Spatial localization data:
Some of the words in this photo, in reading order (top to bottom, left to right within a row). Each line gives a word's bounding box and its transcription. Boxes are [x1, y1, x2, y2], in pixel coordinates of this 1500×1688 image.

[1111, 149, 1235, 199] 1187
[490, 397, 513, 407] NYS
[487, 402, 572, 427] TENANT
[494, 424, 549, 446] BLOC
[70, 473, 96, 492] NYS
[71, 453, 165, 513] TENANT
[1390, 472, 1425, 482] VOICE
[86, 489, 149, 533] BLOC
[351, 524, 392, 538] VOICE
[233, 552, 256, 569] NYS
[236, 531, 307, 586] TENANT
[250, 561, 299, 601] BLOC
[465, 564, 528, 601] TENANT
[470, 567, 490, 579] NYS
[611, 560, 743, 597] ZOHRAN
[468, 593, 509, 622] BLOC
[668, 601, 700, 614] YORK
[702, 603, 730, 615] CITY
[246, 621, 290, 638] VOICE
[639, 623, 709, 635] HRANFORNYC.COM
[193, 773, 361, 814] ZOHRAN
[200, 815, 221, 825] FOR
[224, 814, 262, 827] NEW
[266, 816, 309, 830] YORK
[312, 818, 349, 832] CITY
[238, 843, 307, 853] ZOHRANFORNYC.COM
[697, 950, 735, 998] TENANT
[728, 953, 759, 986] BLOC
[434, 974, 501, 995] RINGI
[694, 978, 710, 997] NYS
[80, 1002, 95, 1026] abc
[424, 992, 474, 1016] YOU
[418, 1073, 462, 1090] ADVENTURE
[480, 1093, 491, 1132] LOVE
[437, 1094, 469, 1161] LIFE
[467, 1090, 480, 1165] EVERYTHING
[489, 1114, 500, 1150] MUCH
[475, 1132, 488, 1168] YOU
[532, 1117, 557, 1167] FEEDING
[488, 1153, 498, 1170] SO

# Task requirements:
Write out an exact copy of every record shown above.

# Written answer:
Some of the words in this photo, in reading order (top to bottom, left to right within a row). Each line gives a word's bounding box and its transcription. Boxes are [x1, y1, x2, y2], in pixel coordinates of this 1500×1688 image.

[1111, 149, 1235, 199] 1187
[490, 397, 513, 407] NYS
[487, 402, 572, 427] TENANT
[494, 424, 549, 446] BLOC
[70, 473, 96, 492] NYS
[71, 453, 165, 513] TENANT
[1390, 472, 1425, 482] VOICE
[86, 489, 149, 533] BLOC
[351, 524, 392, 538] VOICE
[233, 552, 256, 569] NYS
[236, 531, 307, 586] TENANT
[250, 561, 299, 601] BLOC
[465, 564, 528, 601] TENANT
[470, 567, 490, 579] NYS
[611, 560, 743, 597] ZOHRAN
[468, 593, 509, 622] BLOC
[668, 601, 700, 614] YORK
[702, 603, 730, 615] CITY
[246, 621, 290, 638] VOICE
[639, 623, 709, 635] HRANFORNYC.COM
[193, 773, 361, 814] ZOHRAN
[200, 815, 221, 825] FOR
[224, 814, 262, 827] NEW
[266, 816, 309, 830] YORK
[312, 818, 349, 832] CITY
[238, 843, 307, 853] ZOHRANFORNYC.COM
[697, 950, 735, 998] TENANT
[728, 953, 759, 986] BLOC
[434, 974, 501, 995] RINGI
[694, 978, 710, 997] NYS
[80, 1002, 95, 1026] abc
[424, 992, 474, 1016] YOU
[418, 1073, 462, 1090] ADVENTURE
[480, 1093, 491, 1132] LOVE
[437, 1094, 469, 1161] LIFE
[467, 1090, 480, 1165] EVERYTHING
[489, 1114, 500, 1150] MUCH
[475, 1132, 488, 1168] YOU
[532, 1117, 557, 1167] FEEDING
[488, 1153, 498, 1170] SO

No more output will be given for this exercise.